We are heading into the most contentious and ugly election in our lifetimes.  It is almost devoid of serious issues and is dominated by a 24 hour news cycle detailing the latest high wire failure of the Trump circus.  The day after the election, America will face a choice that has never been directly confronted by the campaigns.  The day after the election, we have to tell a new story.
It is obvious that what Harari has called the “imagined order” that we refer to as America is broken.  This is not to suggest that both parties are equally guilty.  Hillary and the Democrats are running on a theme of ‘stronger together,’ but in the end it’s clear that we’re really not all that together.  Obviously, a Trump presidency would be disastrous in ways that are even hard to imagine, but regardless of who ‘wins,’ the problem of who we are remains.
This is not a question of policy or programs.  This is a question of narrative.  What is our story about who we are and what we intend to be?  We already have a nation gridlocked and polarized by parties that don’t just disagree on the details; they disagree on reality.  The worldview of Trump supporters doesn’t just disagree with what Hillary’s supporters believe, it negates it. There is no longer any starting point for a dialog that both parties could agree on.  In 2016, ‘facts’ are whatever anyone wants them to be.  Climate change is a good example.  No one who understands science (by that I mean that they realize that there is always some dissent among scientists) doubts that climate change is real and that human activity plays some role in it.  But we have a major party who simply refuses to acknowledge that.  The same can be said for any number of critical issues facing the country – from economics to education.  We no longer share a reality – an “imagined order” – that can serve as a default setting to ground our disagreements and diverse perspectives.

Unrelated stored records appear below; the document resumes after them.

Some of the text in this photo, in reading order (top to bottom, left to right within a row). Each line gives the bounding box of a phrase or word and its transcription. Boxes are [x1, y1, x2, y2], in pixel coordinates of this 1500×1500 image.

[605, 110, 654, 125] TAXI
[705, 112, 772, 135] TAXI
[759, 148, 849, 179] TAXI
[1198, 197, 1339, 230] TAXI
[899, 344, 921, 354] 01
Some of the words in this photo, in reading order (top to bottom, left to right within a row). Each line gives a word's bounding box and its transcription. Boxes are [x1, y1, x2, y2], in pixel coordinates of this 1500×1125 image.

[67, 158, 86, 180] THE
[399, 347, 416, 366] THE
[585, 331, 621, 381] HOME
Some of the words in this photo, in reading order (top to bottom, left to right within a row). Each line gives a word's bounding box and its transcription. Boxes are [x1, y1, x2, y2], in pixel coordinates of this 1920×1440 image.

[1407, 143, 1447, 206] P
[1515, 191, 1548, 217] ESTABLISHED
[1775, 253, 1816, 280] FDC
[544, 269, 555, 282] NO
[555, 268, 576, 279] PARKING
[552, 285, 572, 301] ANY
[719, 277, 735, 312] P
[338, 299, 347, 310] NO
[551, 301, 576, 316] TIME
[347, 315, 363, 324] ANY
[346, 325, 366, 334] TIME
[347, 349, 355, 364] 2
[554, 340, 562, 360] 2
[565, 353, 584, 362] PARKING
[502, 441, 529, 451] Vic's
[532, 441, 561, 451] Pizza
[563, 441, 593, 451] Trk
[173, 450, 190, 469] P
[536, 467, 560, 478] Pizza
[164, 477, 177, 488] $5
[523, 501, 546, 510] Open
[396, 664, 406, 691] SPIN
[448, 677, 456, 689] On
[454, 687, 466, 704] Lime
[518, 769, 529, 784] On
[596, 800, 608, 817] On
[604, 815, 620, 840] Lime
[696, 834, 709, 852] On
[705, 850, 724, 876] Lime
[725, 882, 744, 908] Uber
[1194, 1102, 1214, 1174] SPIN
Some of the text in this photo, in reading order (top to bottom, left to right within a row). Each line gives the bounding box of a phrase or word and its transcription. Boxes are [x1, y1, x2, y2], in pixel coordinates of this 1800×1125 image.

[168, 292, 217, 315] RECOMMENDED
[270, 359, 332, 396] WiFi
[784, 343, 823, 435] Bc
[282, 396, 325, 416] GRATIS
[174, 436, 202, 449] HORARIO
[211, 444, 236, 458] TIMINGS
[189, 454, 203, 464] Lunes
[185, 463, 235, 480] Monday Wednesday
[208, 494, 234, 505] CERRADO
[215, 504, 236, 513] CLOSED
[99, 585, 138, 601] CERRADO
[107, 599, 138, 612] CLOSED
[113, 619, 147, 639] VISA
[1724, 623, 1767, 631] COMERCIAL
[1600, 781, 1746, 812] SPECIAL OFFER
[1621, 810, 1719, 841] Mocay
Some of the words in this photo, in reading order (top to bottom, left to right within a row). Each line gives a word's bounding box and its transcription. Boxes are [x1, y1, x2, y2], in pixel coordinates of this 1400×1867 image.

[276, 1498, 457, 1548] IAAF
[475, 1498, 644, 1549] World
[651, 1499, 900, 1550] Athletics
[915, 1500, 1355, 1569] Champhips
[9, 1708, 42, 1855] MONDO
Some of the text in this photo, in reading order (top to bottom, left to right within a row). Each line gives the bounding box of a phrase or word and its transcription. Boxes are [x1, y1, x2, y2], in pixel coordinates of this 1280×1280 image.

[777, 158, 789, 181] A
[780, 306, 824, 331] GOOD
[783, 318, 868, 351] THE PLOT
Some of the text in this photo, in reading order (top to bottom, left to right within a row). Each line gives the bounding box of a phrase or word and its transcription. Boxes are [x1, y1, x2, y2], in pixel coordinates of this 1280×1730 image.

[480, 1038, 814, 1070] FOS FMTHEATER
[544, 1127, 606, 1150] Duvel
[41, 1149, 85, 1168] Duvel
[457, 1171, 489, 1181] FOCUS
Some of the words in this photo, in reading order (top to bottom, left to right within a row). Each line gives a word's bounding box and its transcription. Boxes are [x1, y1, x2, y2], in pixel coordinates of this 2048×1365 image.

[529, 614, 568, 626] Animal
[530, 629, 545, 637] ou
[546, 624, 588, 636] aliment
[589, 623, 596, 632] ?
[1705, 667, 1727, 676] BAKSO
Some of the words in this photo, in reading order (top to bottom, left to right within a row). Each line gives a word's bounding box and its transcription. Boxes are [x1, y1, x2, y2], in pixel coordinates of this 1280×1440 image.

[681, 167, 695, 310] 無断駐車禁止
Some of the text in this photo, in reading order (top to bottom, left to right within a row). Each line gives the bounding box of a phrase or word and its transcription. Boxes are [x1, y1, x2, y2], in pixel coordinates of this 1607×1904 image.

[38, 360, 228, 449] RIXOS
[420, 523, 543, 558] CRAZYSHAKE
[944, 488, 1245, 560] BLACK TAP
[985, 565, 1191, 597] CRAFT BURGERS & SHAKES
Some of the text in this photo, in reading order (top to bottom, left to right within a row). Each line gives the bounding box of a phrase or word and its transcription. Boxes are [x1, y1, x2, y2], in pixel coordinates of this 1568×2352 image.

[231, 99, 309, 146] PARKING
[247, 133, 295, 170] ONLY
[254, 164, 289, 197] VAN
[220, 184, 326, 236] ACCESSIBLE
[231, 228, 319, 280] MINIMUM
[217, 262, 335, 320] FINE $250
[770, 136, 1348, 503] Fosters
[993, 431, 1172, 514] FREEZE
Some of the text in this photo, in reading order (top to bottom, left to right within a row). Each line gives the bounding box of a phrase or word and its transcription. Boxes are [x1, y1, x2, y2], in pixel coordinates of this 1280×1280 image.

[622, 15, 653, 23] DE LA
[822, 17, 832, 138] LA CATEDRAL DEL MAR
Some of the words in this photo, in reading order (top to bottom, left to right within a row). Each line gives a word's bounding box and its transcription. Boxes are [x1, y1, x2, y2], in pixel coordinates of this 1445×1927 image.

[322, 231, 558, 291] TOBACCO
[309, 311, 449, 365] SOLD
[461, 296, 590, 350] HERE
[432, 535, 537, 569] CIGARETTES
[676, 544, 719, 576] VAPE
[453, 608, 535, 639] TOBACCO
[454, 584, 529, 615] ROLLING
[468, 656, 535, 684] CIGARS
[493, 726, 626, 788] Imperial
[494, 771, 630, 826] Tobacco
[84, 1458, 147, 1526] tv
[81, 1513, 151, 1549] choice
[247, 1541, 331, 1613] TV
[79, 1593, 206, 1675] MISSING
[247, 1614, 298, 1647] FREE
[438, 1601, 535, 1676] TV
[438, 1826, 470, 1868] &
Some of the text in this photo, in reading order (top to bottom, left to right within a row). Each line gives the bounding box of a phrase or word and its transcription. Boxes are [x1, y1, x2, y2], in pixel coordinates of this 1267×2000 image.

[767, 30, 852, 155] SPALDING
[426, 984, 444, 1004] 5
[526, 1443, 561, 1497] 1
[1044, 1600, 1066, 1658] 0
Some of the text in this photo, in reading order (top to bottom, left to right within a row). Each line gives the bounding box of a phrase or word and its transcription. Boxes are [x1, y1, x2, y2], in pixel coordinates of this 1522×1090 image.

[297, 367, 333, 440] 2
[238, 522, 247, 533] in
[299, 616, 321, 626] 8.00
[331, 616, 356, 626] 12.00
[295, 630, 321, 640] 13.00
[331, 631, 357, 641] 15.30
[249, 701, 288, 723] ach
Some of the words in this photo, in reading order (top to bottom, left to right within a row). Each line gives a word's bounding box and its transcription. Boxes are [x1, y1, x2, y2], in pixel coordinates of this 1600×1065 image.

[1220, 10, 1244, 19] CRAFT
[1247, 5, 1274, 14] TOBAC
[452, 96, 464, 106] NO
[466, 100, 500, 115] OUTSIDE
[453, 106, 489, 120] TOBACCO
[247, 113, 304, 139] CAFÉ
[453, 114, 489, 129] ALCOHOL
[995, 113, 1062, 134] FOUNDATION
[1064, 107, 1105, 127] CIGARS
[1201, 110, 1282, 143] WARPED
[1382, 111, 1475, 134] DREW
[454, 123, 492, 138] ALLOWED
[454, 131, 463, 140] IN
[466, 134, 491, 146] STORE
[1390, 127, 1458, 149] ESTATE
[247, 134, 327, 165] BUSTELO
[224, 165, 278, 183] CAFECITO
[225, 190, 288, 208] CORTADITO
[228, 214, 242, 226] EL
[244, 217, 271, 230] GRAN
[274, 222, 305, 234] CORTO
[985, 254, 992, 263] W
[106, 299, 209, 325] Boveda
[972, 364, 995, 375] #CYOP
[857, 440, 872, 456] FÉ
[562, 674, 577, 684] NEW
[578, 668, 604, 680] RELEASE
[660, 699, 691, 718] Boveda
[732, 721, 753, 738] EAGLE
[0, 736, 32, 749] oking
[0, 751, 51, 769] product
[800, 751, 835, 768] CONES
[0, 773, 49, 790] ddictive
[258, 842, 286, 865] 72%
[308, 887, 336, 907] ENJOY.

The campaign will only make that worse.  Aided and abetted by a media establishment only interested in the horserace, one that refuses to call out even the most transparent and obvious lies, the narratives of the campaign are only going to move further and further apart.  Words such as America, patriot, and democracy are going to thrown around by people who assume they have a common meaning, but, of course, they don’t.  We don’t just vote in separate parties; we live in different worlds.  Assuming we avoid the utter catastrophe of electing the most unqualified candidate any of us has ever seen, we will still be left with a self-described policy wonk who is anything but inspirational..  In some ways her story and the reality of the first woman president is inspiring, but how will she lead.  She will undoubtedly purpose solid policy initiatives, but she will do so to a divided and gridlocked congress who is no more ready to work with her than they were Obama.  There is little hope that the divide opened up during the campaign will be healed by the politics that follow.
In some ways, we are like people caught in a relationship that was on the skids but was barely holding itself together.  In this election, we dropped the pretense of the relationship and started yelling and name calling.  The convenient fiction that we were one people is now gone.  I don’t think it can be pieced back together.  I think we need a new narrative, a new “imagined order.”   We need on that can truly embrace diversity, unlike the old one that paid it lip service but never quite figured how equal and diverse went together.  We need a narrative that embraces uncertainty and pictures America as a partner in the world not the alpha male.  We need one that realizes that ‘knowledge’ has to created by the people who live it and not by ‘experts’ who don’t.  We need that and so much more.  It is hard to imagine how a political leader can do that in the political context we live in.  Even the most gifted orator I have ever seen failed miserably, in spite of a heroic effort.
On November 8th we’re going to elect a president.  Turns out, what we really need is a story teller.